The battalion were back in Aldershot from 1909 – 10 [8] and on 4 June 1910 William married Ethel Gertrude Allnatt, daughter of Francis St John Allnatt (deceased), who was living with her mother Thirza Annie and step-father Charles Ede at Laundry Cottage near Oak Farm in Prospect Road, Cove. [[9]]  William remained with his regiment until 1912 while Ethel continued to live at Laundry Cottage [[10]] where their first child, a son, William Charles, was born in October 1910. [[11]]  A daughter, Winifred Evelyn Constance, was born in June 1913 [[12]] after William had transferred to the Reserve and the family were now living at 2 Amelia Cottages, Farnborough Street.  After the war, certainly for the period 1919 through 1921, Ethel, now widowed, lived at Grange Cottage, Prospect Road; and sometime after 1921 she moved to 1 Malvern Villas, later to be renumbered, first as 60 and now 107, Rectory Road, Farnborough [[13]].

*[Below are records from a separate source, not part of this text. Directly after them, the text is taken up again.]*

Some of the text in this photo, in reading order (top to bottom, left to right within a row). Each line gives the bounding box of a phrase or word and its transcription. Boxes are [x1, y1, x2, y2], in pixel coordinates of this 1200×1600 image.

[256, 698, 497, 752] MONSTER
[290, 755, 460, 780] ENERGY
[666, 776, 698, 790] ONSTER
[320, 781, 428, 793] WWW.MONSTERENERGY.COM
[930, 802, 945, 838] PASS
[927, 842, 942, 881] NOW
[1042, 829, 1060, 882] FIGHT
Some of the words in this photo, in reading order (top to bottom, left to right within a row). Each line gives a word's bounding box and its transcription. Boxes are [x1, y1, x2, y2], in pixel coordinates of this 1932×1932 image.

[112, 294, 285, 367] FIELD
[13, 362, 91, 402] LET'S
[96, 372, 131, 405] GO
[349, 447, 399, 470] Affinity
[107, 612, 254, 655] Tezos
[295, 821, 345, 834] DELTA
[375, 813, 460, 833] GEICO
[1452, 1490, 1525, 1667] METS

A small party of the 1st Battalion, Scots Guards, took part in the famous Siege of Sydney Street in January 1911 and then in February the battalion was posted to Cairo, Egypt where it remained until January 1913 before returning once again to Aldershot.  William would have completed seven years ‘with the Colours’ in May 1911 and had he been at home would then have been transferred to the Reserve to complete the remaining five years of his engagement; however being overseas meant that the regiment could delay this transfer for up to a year and William probably returned to England and transferred to the Reserve sometime in the Spring of 1912.  In the 1911 census (the first to detail British soldiers serving overseas) William’s occupation was noted as carpenter [[14]] so on his return and transfer to the Reserve he might perhaps have found work in the building trade in the local Cove area.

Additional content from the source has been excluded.